● Exercise objective: Exclude all pictures from your copy of the data below, which should otherwise match exactly.

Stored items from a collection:
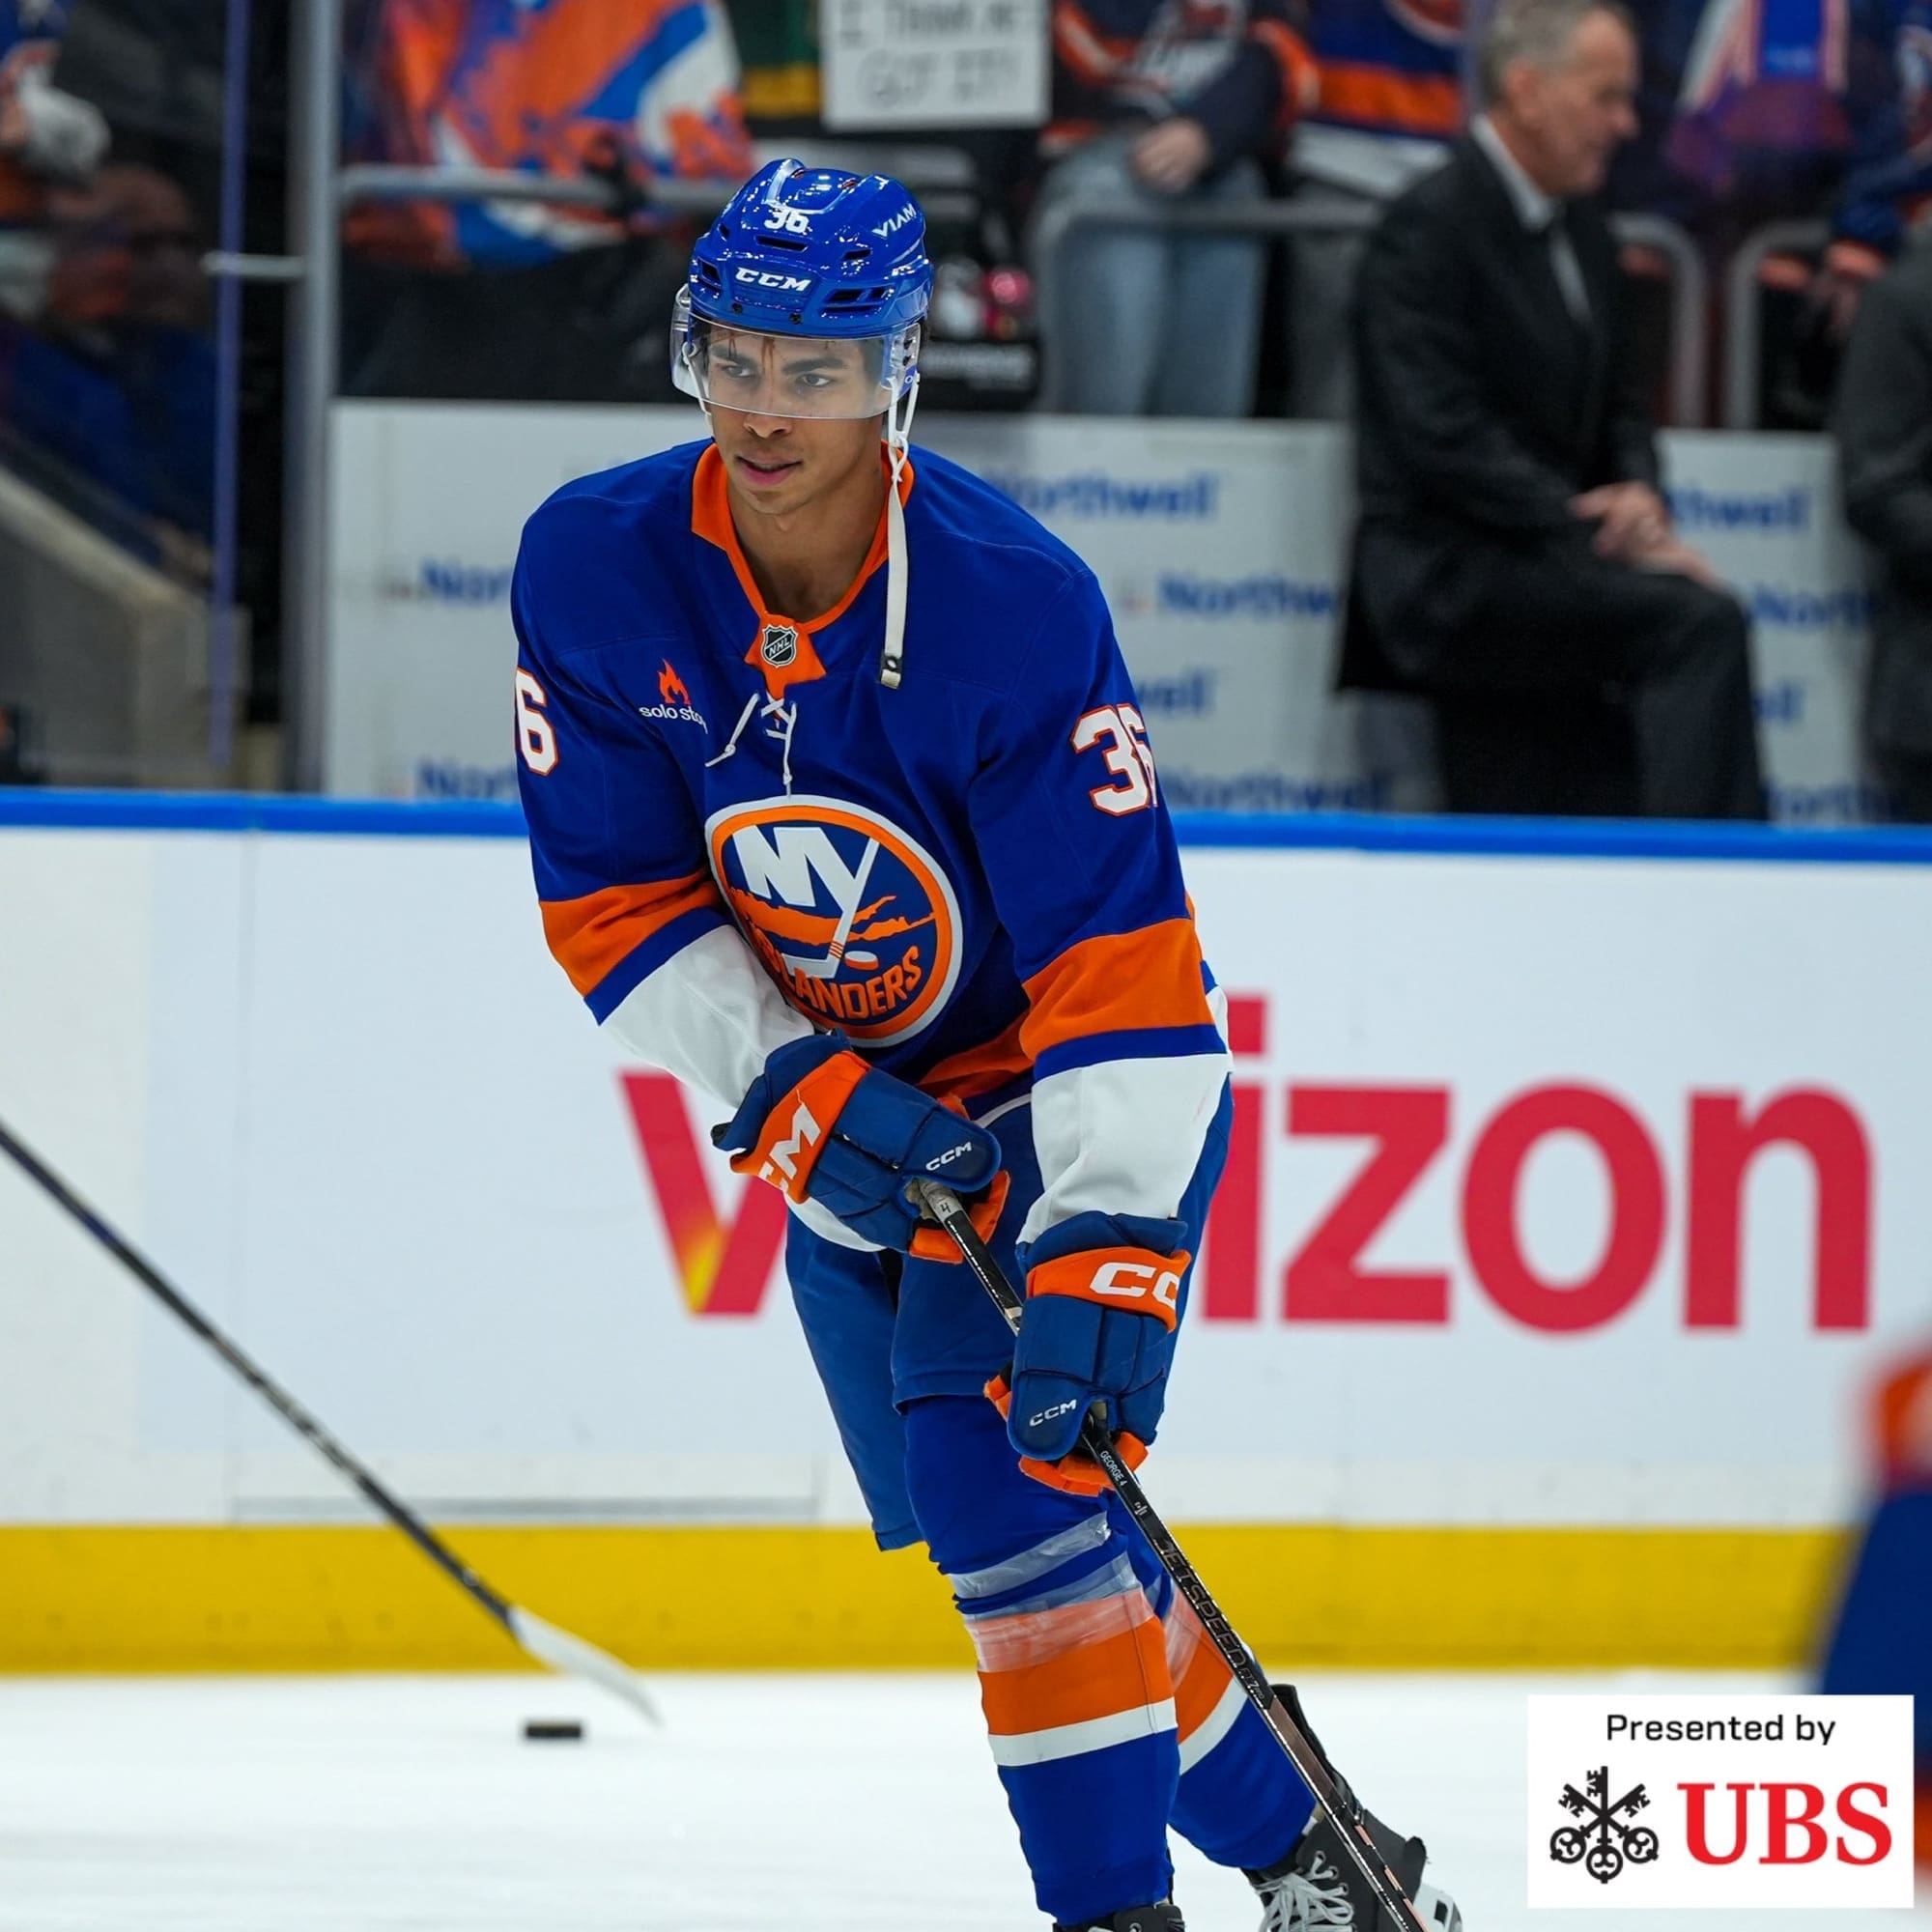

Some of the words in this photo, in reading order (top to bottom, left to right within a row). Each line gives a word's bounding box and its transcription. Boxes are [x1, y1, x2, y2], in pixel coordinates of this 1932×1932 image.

[764, 209, 810, 234] 36
[872, 203, 918, 240] VIAM
[734, 266, 811, 292] CCM
[768, 637, 791, 658] NHL
[639, 703, 678, 721] solo
[731, 824, 880, 932] NY
[616, 994, 1872, 1333] vizon
[925, 1141, 972, 1172] CCM
[1029, 1399, 1078, 1428] CCM
[1099, 1450, 1125, 1482] GEORGE
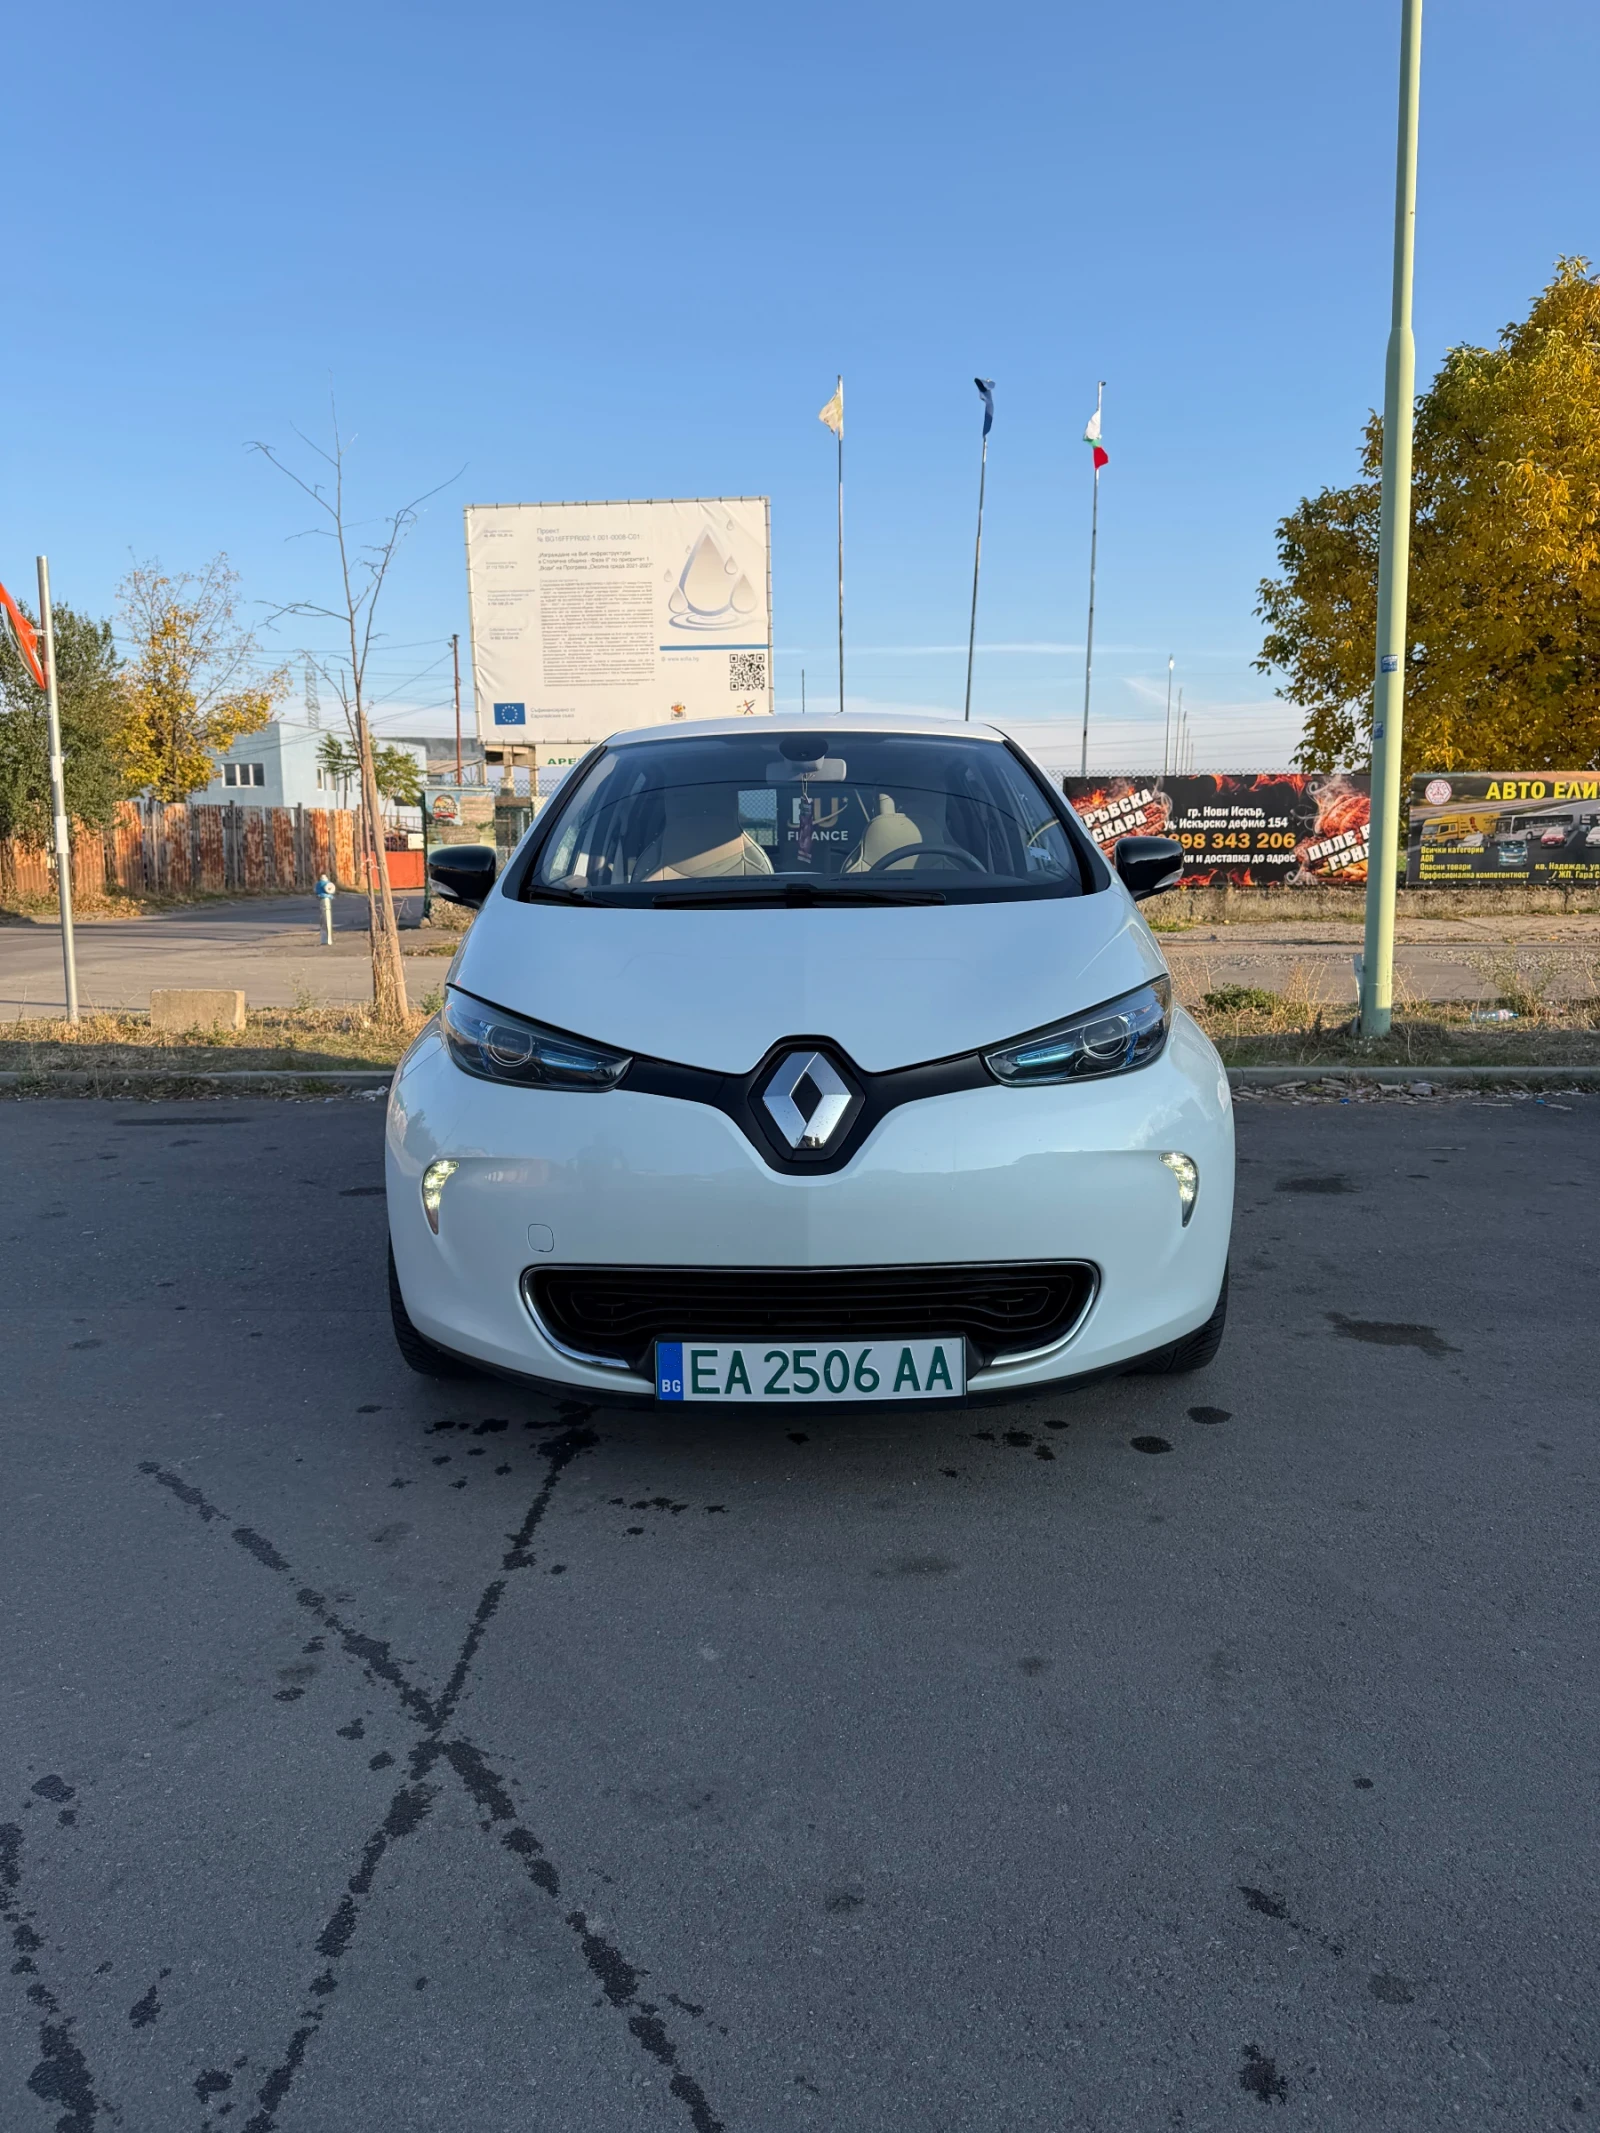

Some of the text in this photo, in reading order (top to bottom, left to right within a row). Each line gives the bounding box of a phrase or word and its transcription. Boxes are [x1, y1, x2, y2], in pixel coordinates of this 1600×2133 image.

[1485, 781, 1546, 800] АВТО
[1080, 788, 1153, 828] РЪБСКА
[1187, 806, 1265, 819] гр. Нови Искър,
[1091, 810, 1148, 843] СКАРА
[1164, 817, 1288, 831] ул. Искърско дефиле 154
[787, 830, 849, 841] FIANCE
[1211, 832, 1251, 849] 343
[1256, 832, 1296, 849] 206
[1307, 823, 1370, 861] ПИЛЕ Н
[1420, 846, 1484, 855] Всички категории
[1196, 854, 1203, 863] и
[1204, 854, 1250, 864] доставка
[1252, 854, 1264, 864] до
[1266, 854, 1296, 864] адрес
[1420, 863, 1446, 871] Опасни
[1419, 871, 1475, 880] Професионална
[1575, 871, 1593, 879] Гара
[691, 1345, 954, 1395] EA 2506 AA
[661, 1379, 681, 1393] BG

● Answer section:
Some of the words in this photo, in reading order (top to bottom, left to right within a row). Each line gives a word's bounding box and its transcription. Boxes are [x1, y1, x2, y2], in pixel coordinates of this 1932×1932 image.

[764, 209, 810, 234] 36
[872, 203, 918, 240] VIAM
[734, 266, 811, 292] CCM
[768, 637, 791, 658] NHL
[639, 703, 678, 721] solo
[731, 824, 880, 932] NY
[616, 994, 1872, 1333] vizon
[925, 1141, 972, 1172] CCM
[1029, 1399, 1078, 1428] CCM
[1099, 1450, 1125, 1482] GEORGE

Some of the text in this photo, in reading order (top to bottom, left to right within a row). Each line gives the bounding box of a phrase or word and its transcription. Boxes are [x1, y1, x2, y2], in pixel coordinates of this 1600×2133 image.

[1485, 781, 1546, 800] АВТО
[1080, 788, 1153, 828] РЪБСКА
[1187, 806, 1265, 819] гр. Нови Искър,
[1091, 810, 1148, 843] СКАРА
[1164, 817, 1288, 831] ул. Искърско дефиле 154
[787, 830, 849, 841] FIANCE
[1211, 832, 1251, 849] 343
[1256, 832, 1296, 849] 206
[1307, 823, 1370, 861] ПИЛЕ Н
[1420, 846, 1484, 855] Всички категории
[1196, 854, 1203, 863] и
[1204, 854, 1250, 864] доставка
[1252, 854, 1264, 864] до
[1266, 854, 1296, 864] адрес
[1420, 863, 1446, 871] Опасни
[1419, 871, 1475, 880] Професионална
[1575, 871, 1593, 879] Гара
[691, 1345, 954, 1395] EA 2506 AA
[661, 1379, 681, 1393] BG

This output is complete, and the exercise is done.